Ascension
Jareth and Tobias turned to the east. The Fairy Queen stood framed by the first light of morning. Fairies flitted about her and the light played on her red velvet gown.
She opened her arms and Tobias bounded toward her. She embraced him, then held him at arm's length, looking fondly at him.
"Tobias is Karen's son," she told Jareth. "My fairy blood was through my mother. His death would have been for nothing."
For once, the Goblin King was without words.
"But my blood, my mortality, was enough," she told Tobias. "The land is restored, and I am as I was." She sighed.
"You are," Jareth's words rang out coldly in the morning light. He retrieved the dagger and presented it to her, hilt first. "Will you have my blood then, Your Majesty," he asked. "It may restore nothing, but it will assuage your rage."
Sarah sighed again.
"There will be no more death between us, my husband," she said. She gestured and the dagger was a horseshoe once more, hovering in the air.

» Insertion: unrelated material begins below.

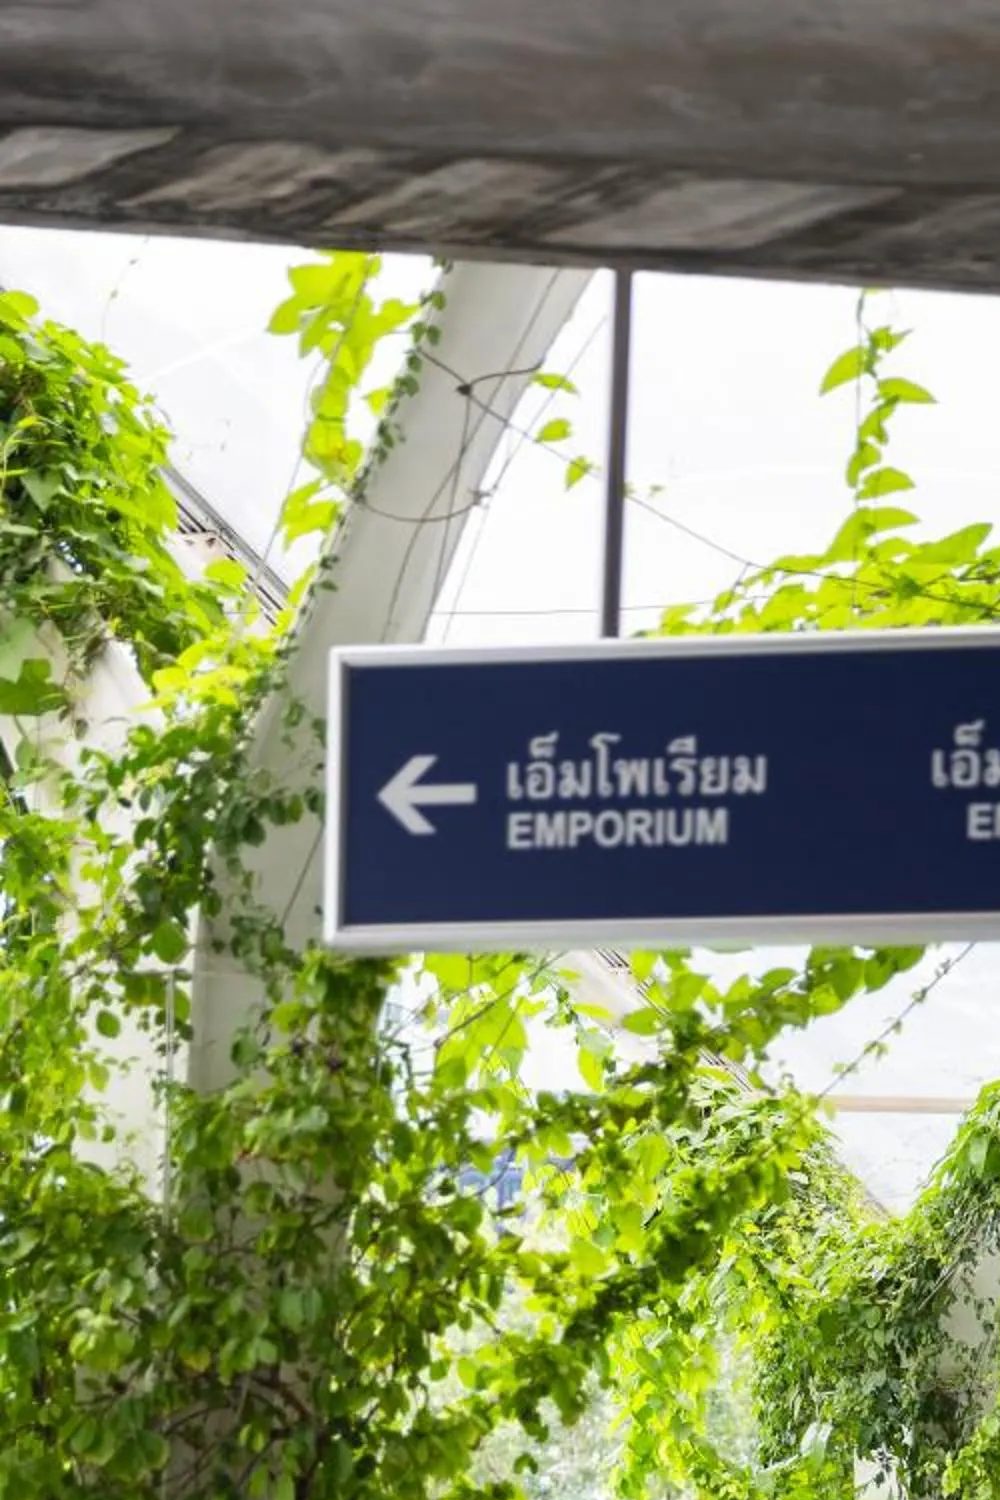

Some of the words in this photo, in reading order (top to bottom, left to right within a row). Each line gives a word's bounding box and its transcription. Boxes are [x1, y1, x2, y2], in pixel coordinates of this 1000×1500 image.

[507, 731, 767, 800] เอ็มโพเรียม
[507, 808, 728, 849] EMPORIUM
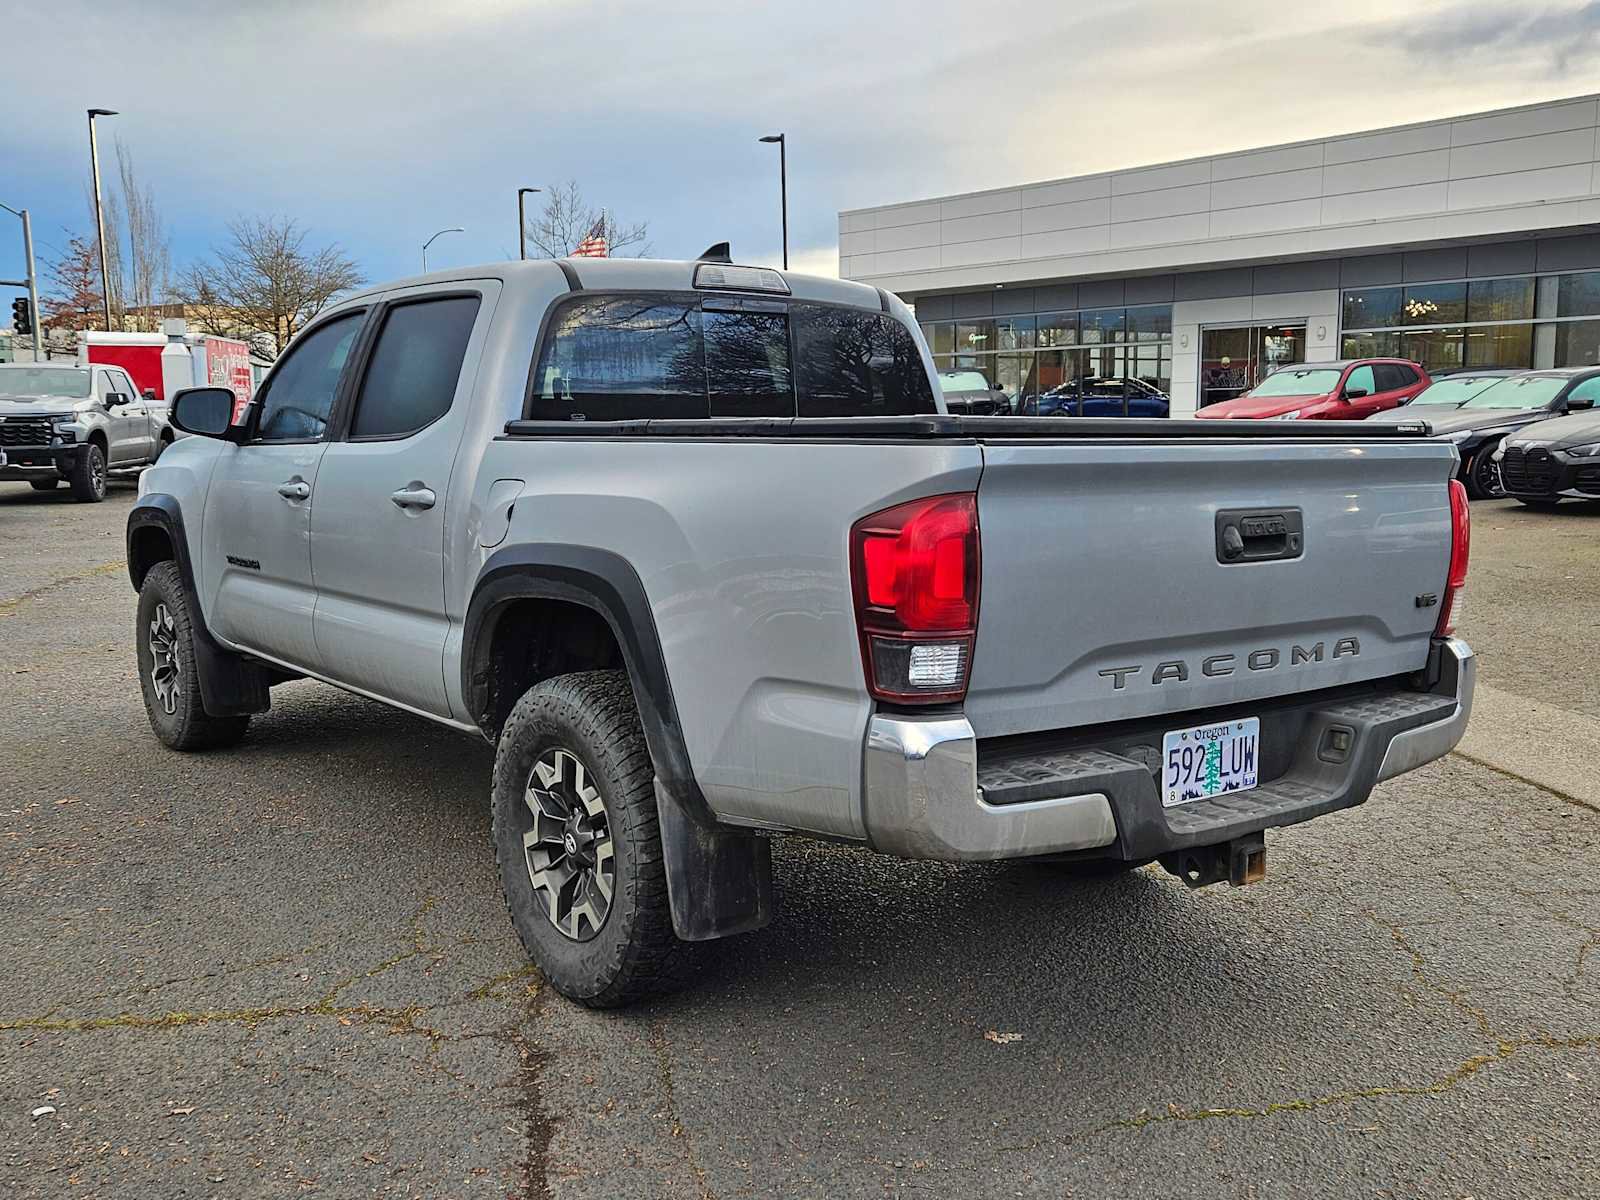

"This is for you, my brother," she told Tobias. "Touch it and it will take you back Aboveground. Our father should not lose both his children at once. He and Karen will have to get used to your age difference. They will find some way to explain it — to themselves, anyway."
"But I want to stay with you," he said. "I don't know anything about Aboveground. I don't even remember it."
"It is your place," she said sadly. "I will miss you. When you come of age, you will have to choose — mortal or Faery, Above or Underground. Until then, learn all you can of mortalkind. They have much to teach us."
They hugged again. Tobias backed away and reached toward the horseshoe.
"I'll be watching you, Toby," Sarah said. He touched the cold iron and vanished.
Sarah bowed her head, reflecting on what she had lost. Jareth looked toward the Labyrinth, sensing great changes there.
"Will you leave without greeting me?"
Jareth looked at her. "I cannot leave you. Wherever I go in Faery, so there you will be."
She smiled wryly. "Poor Jareth, he has his playground back, but will have to share it again. You would have done better to leave me Above."
"I tried. I couldn't. You drew me as a lodestone draws the needle. I convinced myself that ruling dust alone was better than contending with you, but I need you."
Sarah saw the hurt in his face as he admitted the truth.
"What I said was not the truth entire," she said. "I am not as I was. There is much I don't remember. I am a different person now."
"And I have learned much in your absence," he said. "Though I don't know that I'll be able to keep from fighting with you always."
"If you could, you would not at all be the Jareth I remember," she said, smiling into his eyes.
"Sarah," he whispered, drawing her to him.
"Just a minute, Jareth," she said, looking hard at him and holding him away from her. "About that bog…"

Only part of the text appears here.